What you have to do: Give back every entry precisely as written, without any of the images.

Segment Start: Extracted entries

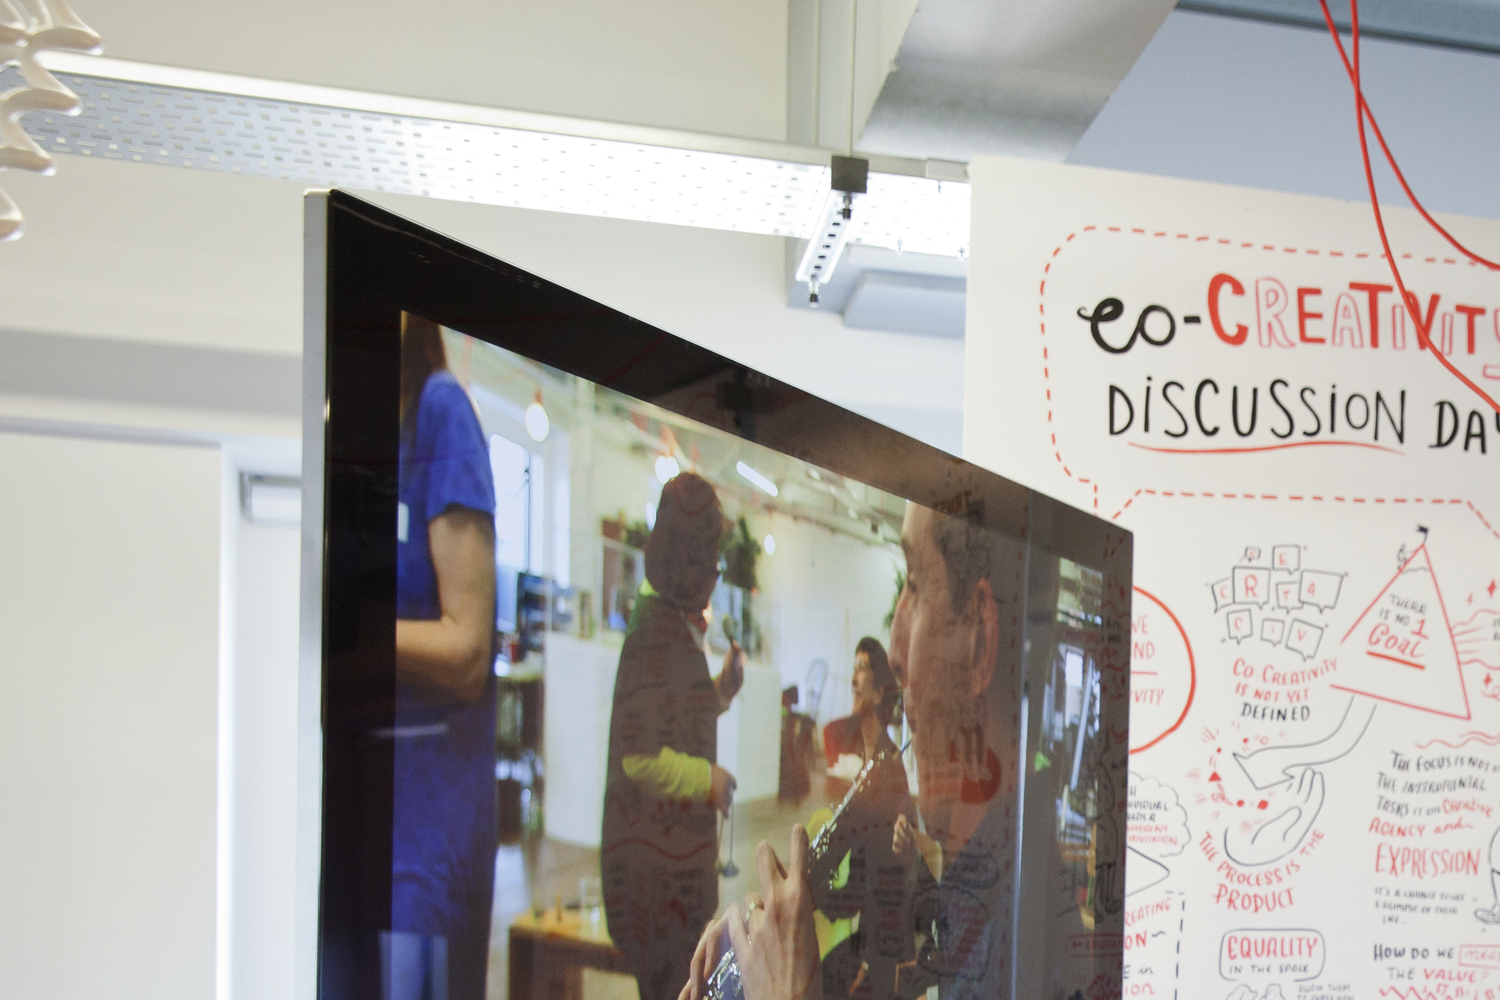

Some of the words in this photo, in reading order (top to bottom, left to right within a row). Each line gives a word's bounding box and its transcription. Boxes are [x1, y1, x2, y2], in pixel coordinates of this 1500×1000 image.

[1389, 593, 1428, 614] THERE
[1379, 608, 1389, 620] IS
[1394, 614, 1411, 626] NO
[1235, 682, 1247, 697] IS
[1253, 689, 1280, 703] NOT
[1287, 688, 1310, 705] YET
[1241, 702, 1311, 722] DEFINED
[1417, 755, 1451, 773] FOCUS
[1377, 770, 1398, 793] THE
[1368, 817, 1427, 838] AGENCY
[1199, 830, 1219, 862] THE
[1217, 861, 1283, 887] PROCESS
[1286, 861, 1301, 876] IS
[1299, 828, 1325, 856] THE
[1375, 843, 1481, 879] EXPRESSION
[1212, 884, 1296, 914] PRODUCT
[1228, 935, 1318, 960] EQUALITY
[1374, 944, 1406, 962] HOW
[1411, 947, 1429, 960] DO
[1437, 947, 1455, 960] WE
[1229, 964, 1243, 974] IN
[1251, 964, 1272, 974] THE
[1279, 964, 1309, 974] SPACE
[1387, 967, 1416, 981] THE
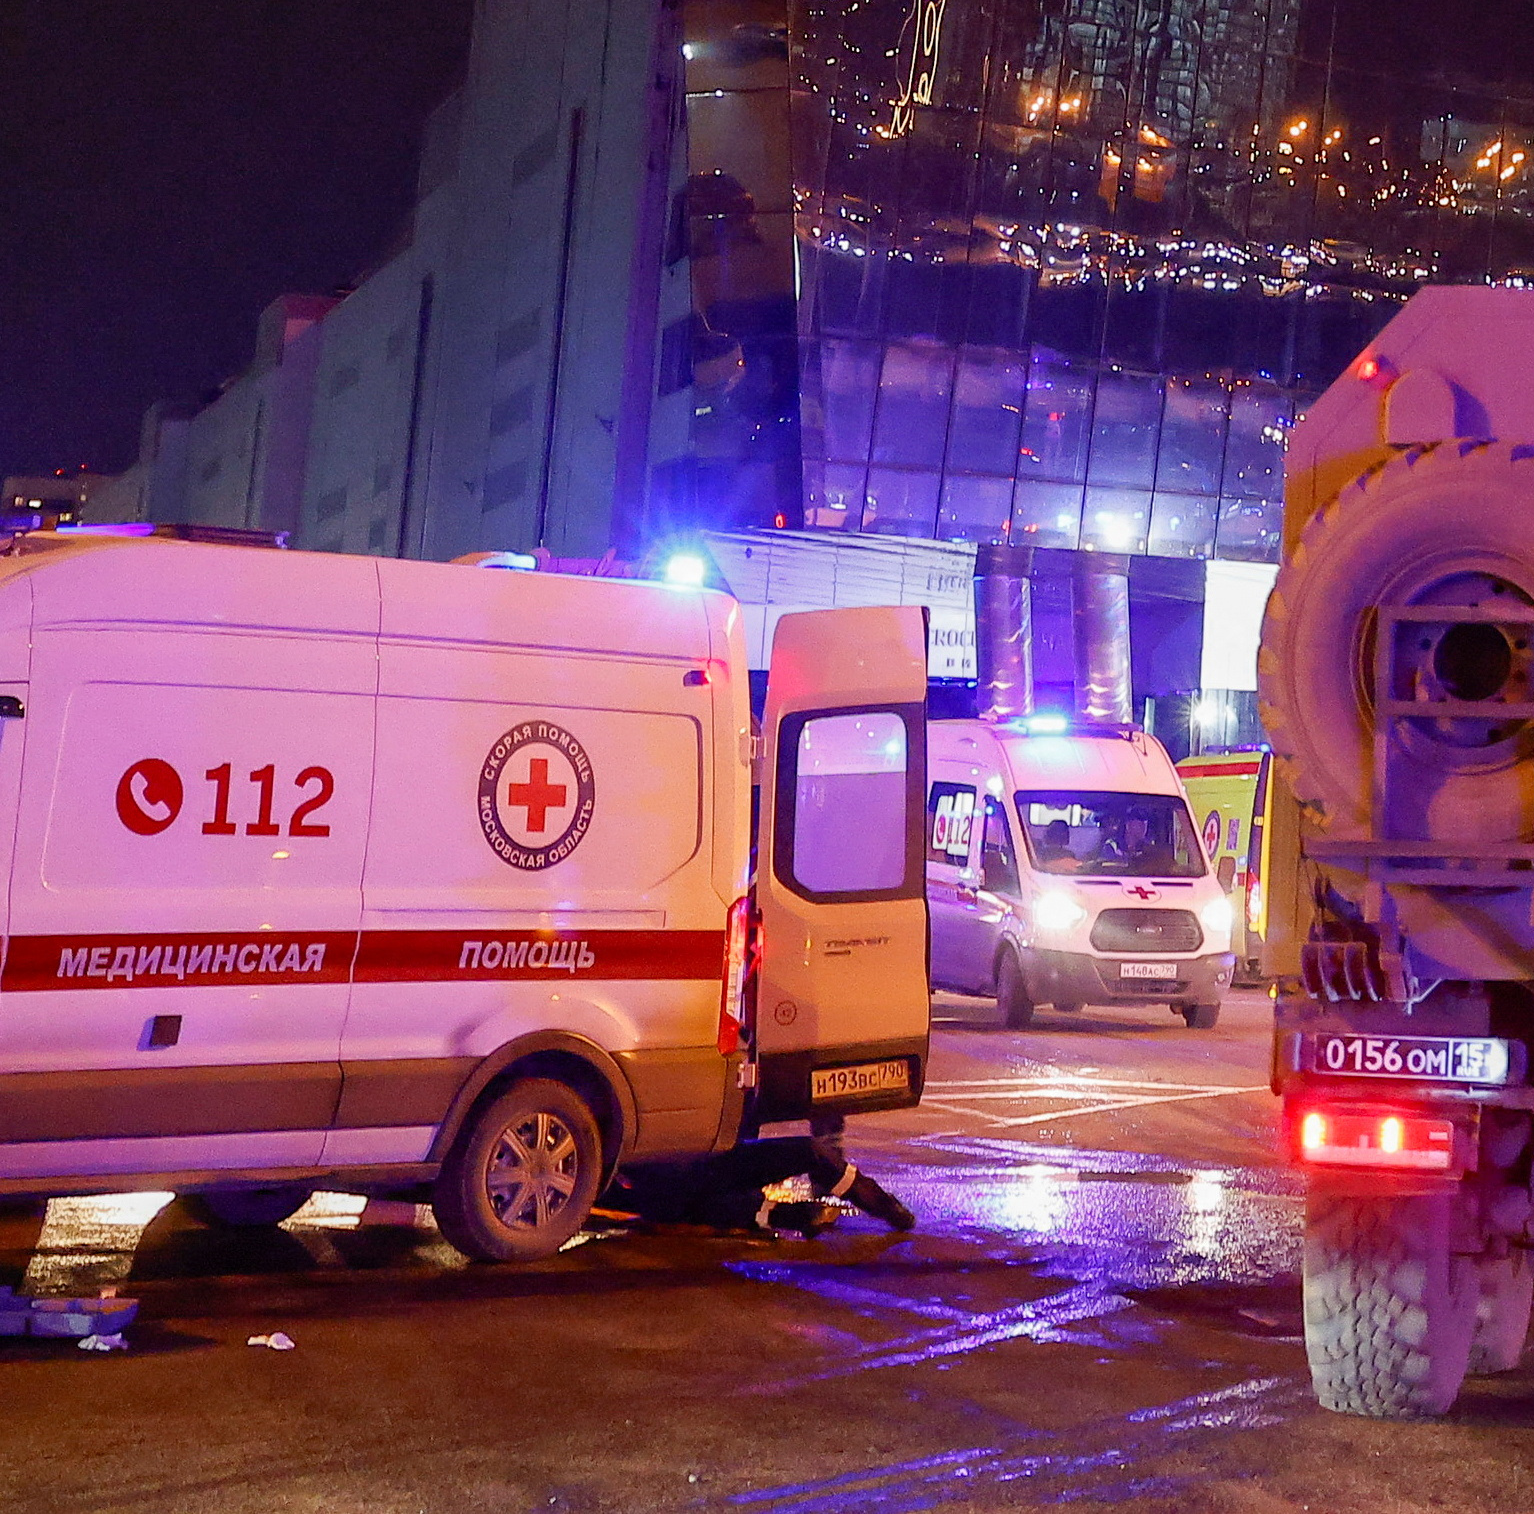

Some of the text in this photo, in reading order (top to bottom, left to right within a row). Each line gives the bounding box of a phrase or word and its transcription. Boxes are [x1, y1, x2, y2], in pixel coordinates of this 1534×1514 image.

[484, 724, 590, 783] СКОРАЯ ПОМОЩЬ
[202, 762, 334, 837] 112
[481, 796, 593, 868] МОСКОВСКАЯ ОБЛАСТЬ
[57, 939, 596, 982] МЕДИЦИНСКАЯ ПОМОЩЬ

Segment End: Extracted entries

Solution:
Some of the words in this photo, in reading order (top to bottom, left to right within a row). Each line gives a word's bounding box and its transcription. Boxes are [x1, y1, x2, y2], in pixel coordinates of this 1500×1000 image.

[1389, 593, 1428, 614] THERE
[1379, 608, 1389, 620] IS
[1394, 614, 1411, 626] NO
[1235, 682, 1247, 697] IS
[1253, 689, 1280, 703] NOT
[1287, 688, 1310, 705] YET
[1241, 702, 1311, 722] DEFINED
[1417, 755, 1451, 773] FOCUS
[1377, 770, 1398, 793] THE
[1368, 817, 1427, 838] AGENCY
[1199, 830, 1219, 862] THE
[1217, 861, 1283, 887] PROCESS
[1286, 861, 1301, 876] IS
[1299, 828, 1325, 856] THE
[1375, 843, 1481, 879] EXPRESSION
[1212, 884, 1296, 914] PRODUCT
[1228, 935, 1318, 960] EQUALITY
[1374, 944, 1406, 962] HOW
[1411, 947, 1429, 960] DO
[1437, 947, 1455, 960] WE
[1229, 964, 1243, 974] IN
[1251, 964, 1272, 974] THE
[1279, 964, 1309, 974] SPACE
[1387, 967, 1416, 981] THE

Some of the text in this photo, in reading order (top to bottom, left to right within a row). Each line gives the bounding box of a phrase or word and its transcription. Boxes are [x1, y1, x2, y2], in pixel coordinates of this 1534×1514 image.

[484, 724, 590, 783] СКОРАЯ ПОМОЩЬ
[202, 762, 334, 837] 112
[481, 796, 593, 868] МОСКОВСКАЯ ОБЛАСТЬ
[57, 939, 596, 982] МЕДИЦИНСКАЯ ПОМОЩЬ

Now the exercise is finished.